**TASK ITEM**
Please retype the records below exactly, omitting any images.

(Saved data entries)
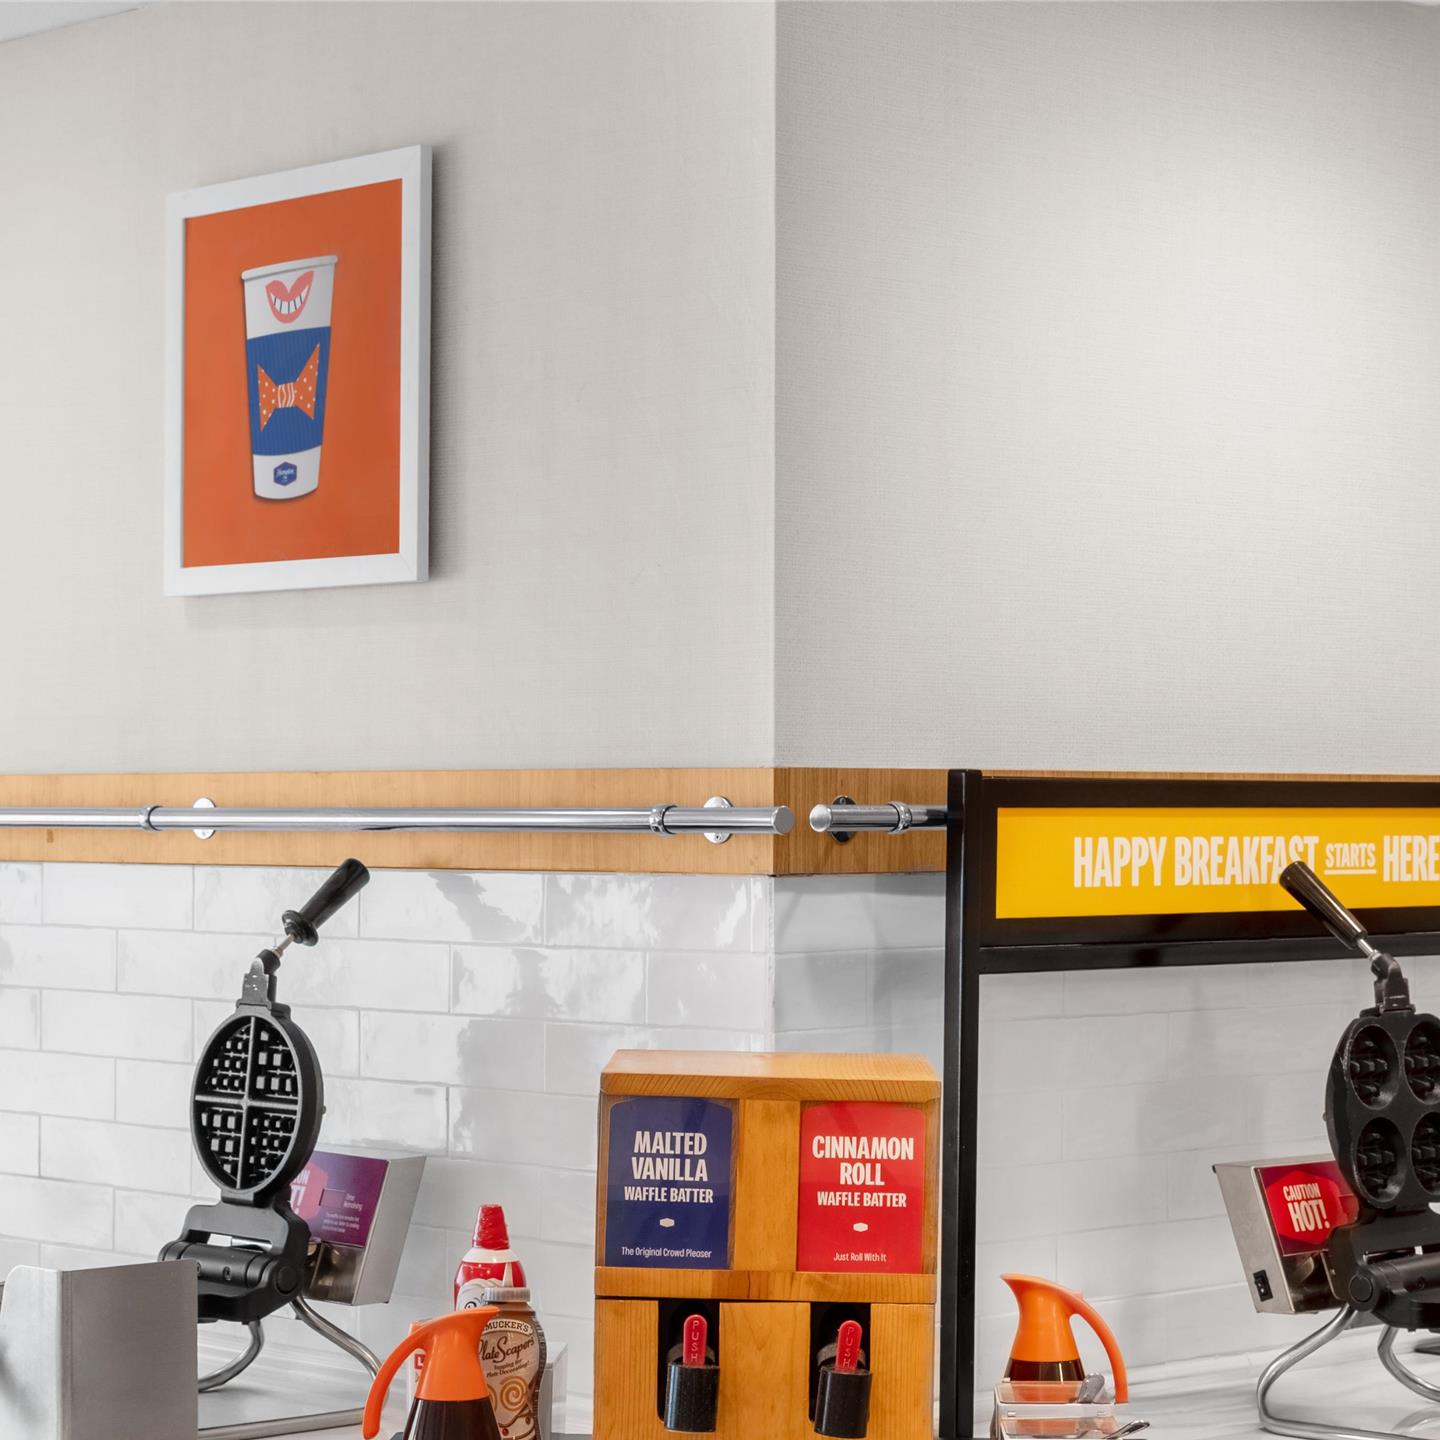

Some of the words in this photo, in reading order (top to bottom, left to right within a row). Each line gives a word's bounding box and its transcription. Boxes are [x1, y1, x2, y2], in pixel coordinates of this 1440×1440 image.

[1074, 835, 1167, 887] HAPPY
[1174, 835, 1320, 886] BREAKFAST
[1325, 842, 1376, 868] STARTS
[1382, 834, 1440, 882] HERE
[633, 1130, 707, 1156] MALTED
[812, 1134, 915, 1161] CINNAMON
[631, 1156, 709, 1182] VANILLA
[839, 1162, 885, 1186] ROLL
[624, 1185, 668, 1203] WAFFLE
[669, 1187, 714, 1204] BATTER
[816, 1190, 860, 1207] WAFFLE
[862, 1192, 907, 1208] BATTER
[1282, 1183, 1321, 1202] CAUTION
[1287, 1199, 1331, 1233] HOT!
[621, 1246, 634, 1257] The
[635, 1246, 663, 1259] Original
[663, 1247, 685, 1258] Crowd
[686, 1248, 712, 1259] Pleaser
[833, 1252, 849, 1262] Just
[851, 1252, 863, 1262] Roll
[864, 1252, 879, 1263] With
[880, 1253, 887, 1263] It
[485, 1320, 530, 1333] MUCKER'S
[691, 1320, 700, 1362] PUSH
[842, 1326, 856, 1368] PUSH
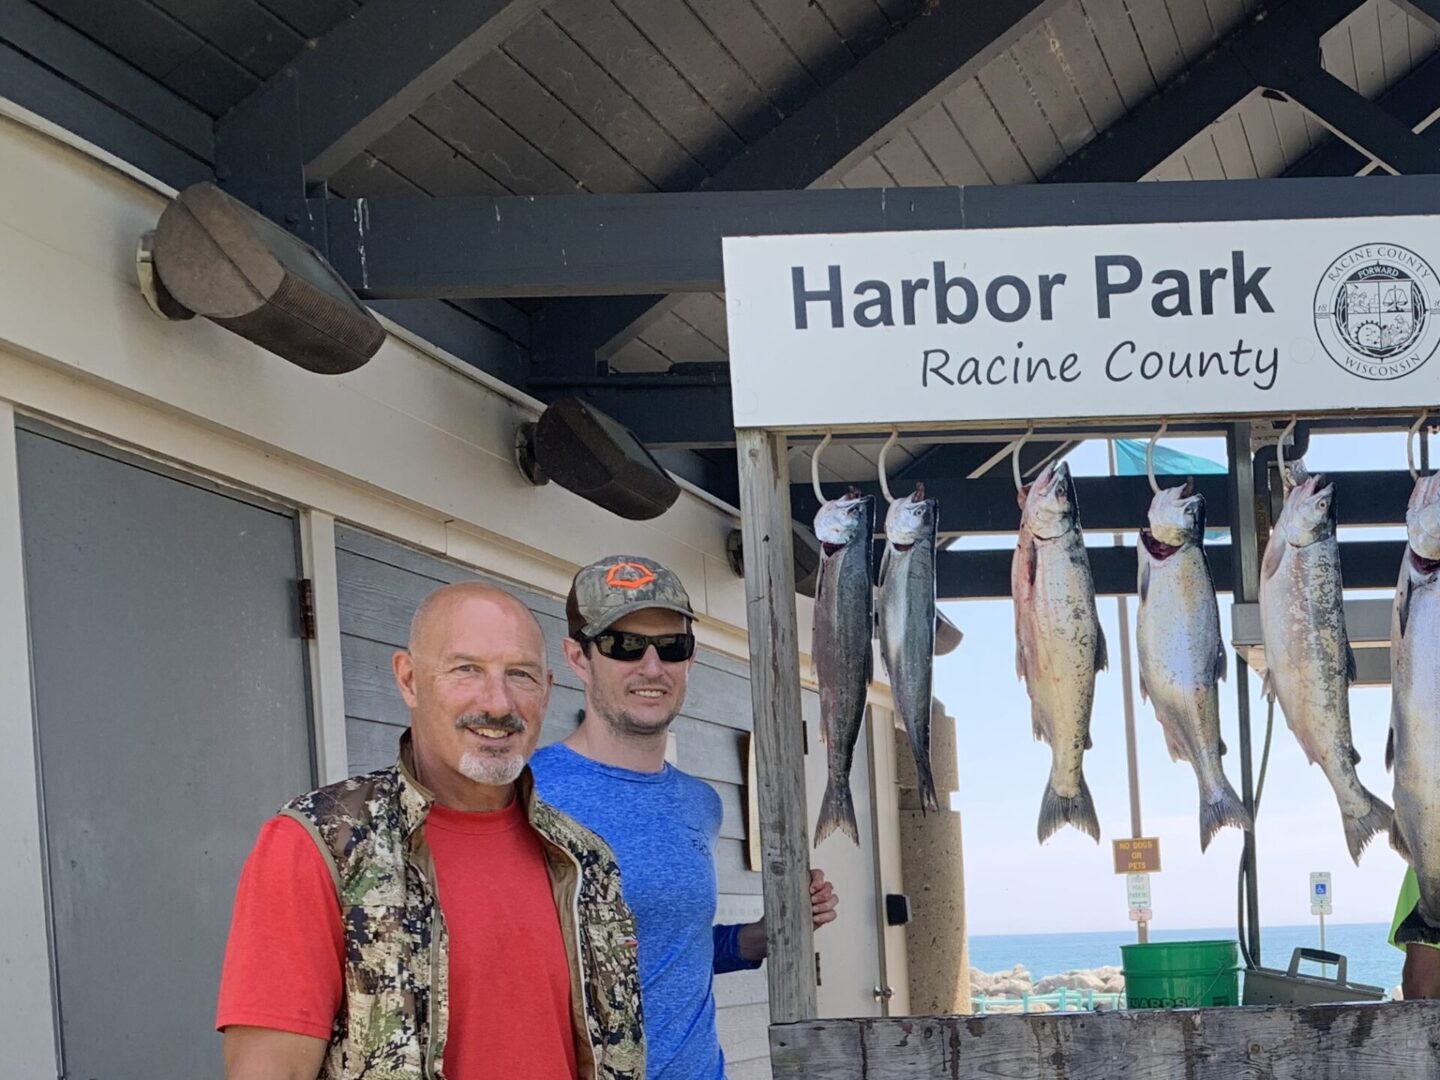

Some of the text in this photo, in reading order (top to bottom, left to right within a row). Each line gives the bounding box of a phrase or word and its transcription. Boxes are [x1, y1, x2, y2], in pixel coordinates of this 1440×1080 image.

[1327, 247, 1431, 282] RACINE COUNTY
[1358, 266, 1400, 279] FORWARD
[790, 250, 1276, 330] Harbor Park
[921, 338, 1279, 391] Racine County
[1345, 353, 1421, 377] WISCONSIN
[1119, 840, 1153, 850] NO DOGS
[1131, 851, 1142, 860] OR
[1128, 861, 1147, 871] PETS
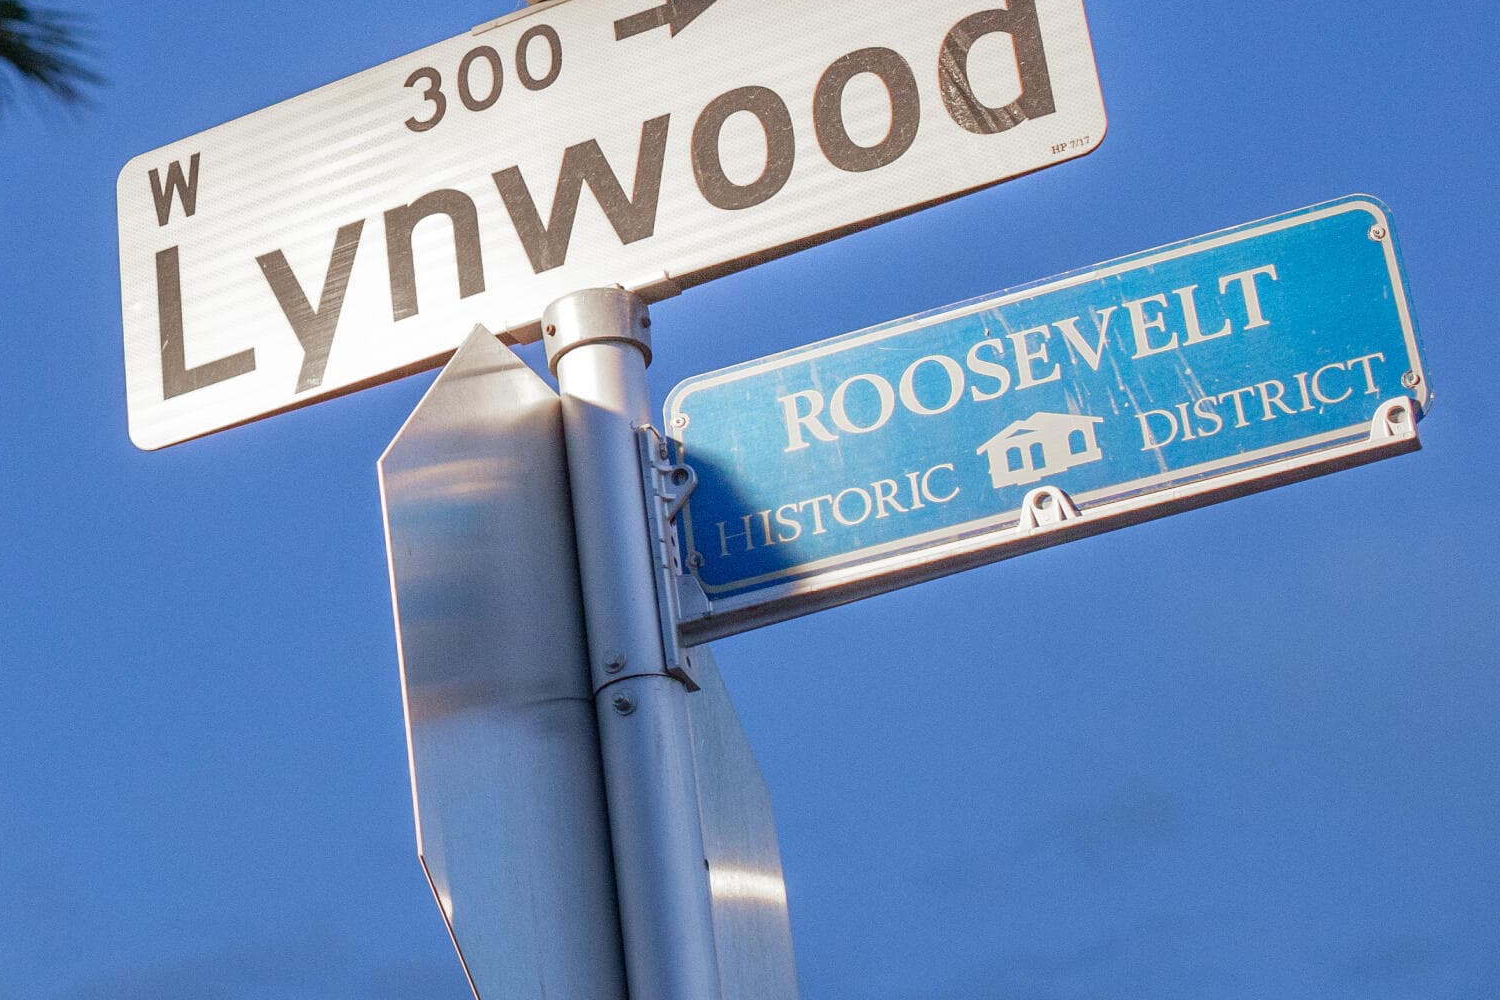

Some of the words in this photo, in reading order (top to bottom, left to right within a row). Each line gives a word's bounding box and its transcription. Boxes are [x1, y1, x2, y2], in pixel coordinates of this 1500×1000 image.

[147, 151, 201, 227] W
[403, 23, 563, 133] 300
[1051, 142, 1068, 154] HP
[716, 462, 961, 558] HISTORIC
[1137, 352, 1387, 452] DISTRICT
[775, 263, 1278, 453] ROOSEVELT
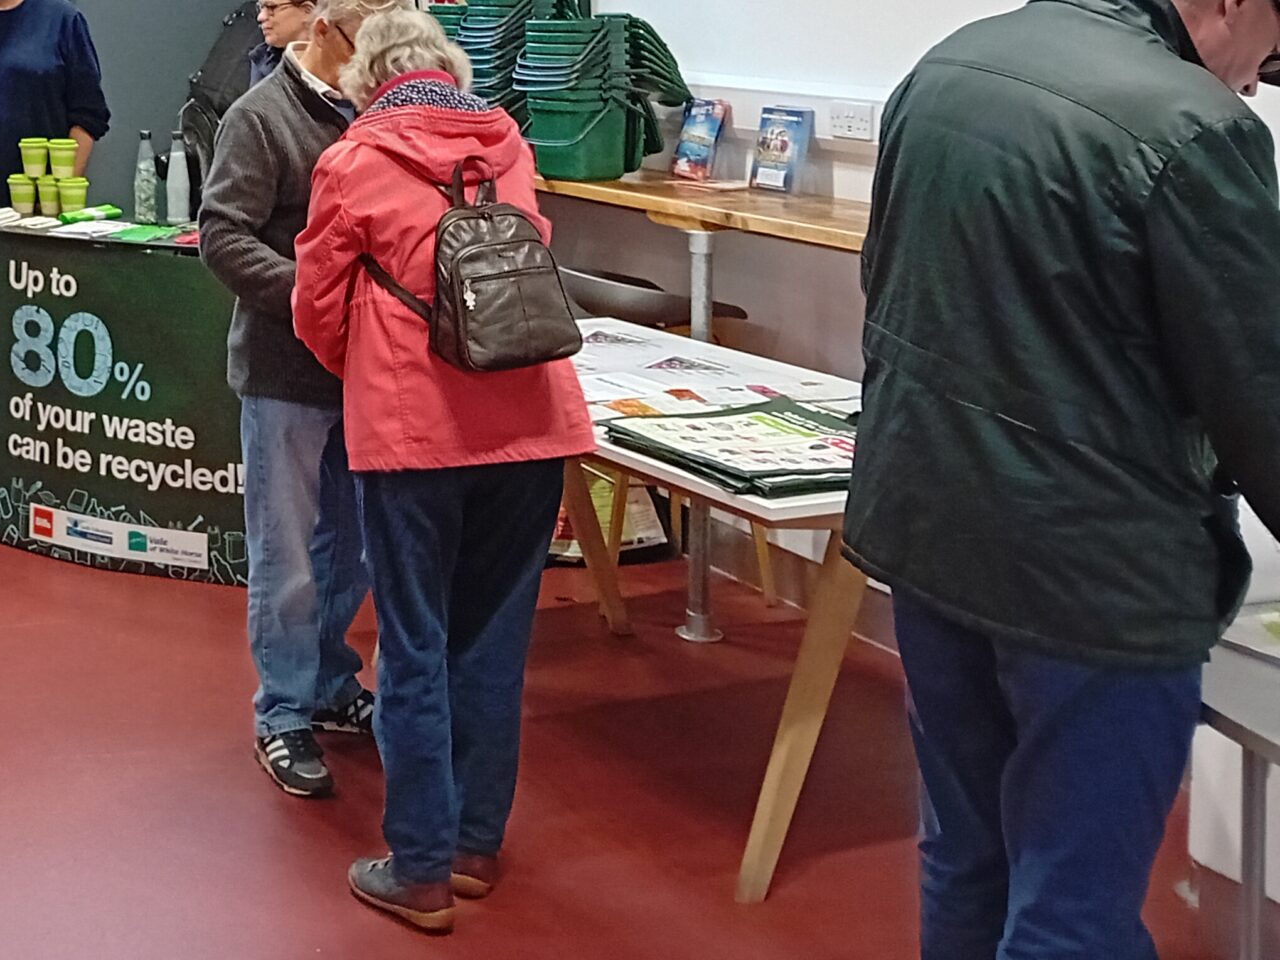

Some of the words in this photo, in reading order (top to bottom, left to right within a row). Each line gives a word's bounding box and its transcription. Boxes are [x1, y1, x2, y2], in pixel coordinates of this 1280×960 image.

[10, 259, 44, 298] Up
[49, 266, 78, 297] to
[10, 392, 33, 421] of
[37, 401, 96, 434] your
[102, 414, 195, 450] waste
[8, 433, 50, 464] can
[56, 437, 92, 473] be
[99, 452, 247, 494] recycled!

**RESULT OF THE TASK**
Some of the words in this photo, in reading order (top to bottom, left to right within a row). Each line gives a word's bounding box and its transcription. Boxes are [x1, y1, x2, y2], in pixel coordinates of this 1440×1440 image.

[1074, 835, 1167, 887] HAPPY
[1174, 835, 1320, 886] BREAKFAST
[1325, 842, 1376, 868] STARTS
[1382, 834, 1440, 882] HERE
[633, 1130, 707, 1156] MALTED
[812, 1134, 915, 1161] CINNAMON
[631, 1156, 709, 1182] VANILLA
[839, 1162, 885, 1186] ROLL
[624, 1185, 668, 1203] WAFFLE
[669, 1187, 714, 1204] BATTER
[816, 1190, 860, 1207] WAFFLE
[862, 1192, 907, 1208] BATTER
[1282, 1183, 1321, 1202] CAUTION
[1287, 1199, 1331, 1233] HOT!
[621, 1246, 634, 1257] The
[635, 1246, 663, 1259] Original
[663, 1247, 685, 1258] Crowd
[686, 1248, 712, 1259] Pleaser
[833, 1252, 849, 1262] Just
[851, 1252, 863, 1262] Roll
[864, 1252, 879, 1263] With
[880, 1253, 887, 1263] It
[485, 1320, 530, 1333] MUCKER'S
[691, 1320, 700, 1362] PUSH
[842, 1326, 856, 1368] PUSH

Some of the text in this photo, in reading order (top to bottom, left to right within a row). Each line gives the bounding box of a phrase or word and its transcription. Boxes are [x1, y1, x2, y2], in pixel coordinates of this 1440×1080 image.

[1327, 247, 1431, 282] RACINE COUNTY
[1358, 266, 1400, 279] FORWARD
[790, 250, 1276, 330] Harbor Park
[921, 338, 1279, 391] Racine County
[1345, 353, 1421, 377] WISCONSIN
[1119, 840, 1153, 850] NO DOGS
[1131, 851, 1142, 860] OR
[1128, 861, 1147, 871] PETS

Some of the words in this photo, in reading order (top to bottom, left to right within a row). Each line gives a word's bounding box and its transcription. Boxes are [x1, y1, x2, y2], in pixel coordinates of this 1500×1000 image.

[147, 151, 201, 227] W
[403, 23, 563, 133] 300
[1051, 142, 1068, 154] HP
[716, 462, 961, 558] HISTORIC
[1137, 352, 1387, 452] DISTRICT
[775, 263, 1278, 453] ROOSEVELT

Some of the words in this photo, in reading order (top to bottom, left to right within a row). Each line gives a word's bounding box and its transcription. Boxes are [x1, y1, x2, y2], in pixel coordinates of this 1280×960 image.

[10, 259, 44, 298] Up
[49, 266, 78, 297] to
[10, 392, 33, 421] of
[37, 401, 96, 434] your
[102, 414, 195, 450] waste
[8, 433, 50, 464] can
[56, 437, 92, 473] be
[99, 452, 247, 494] recycled!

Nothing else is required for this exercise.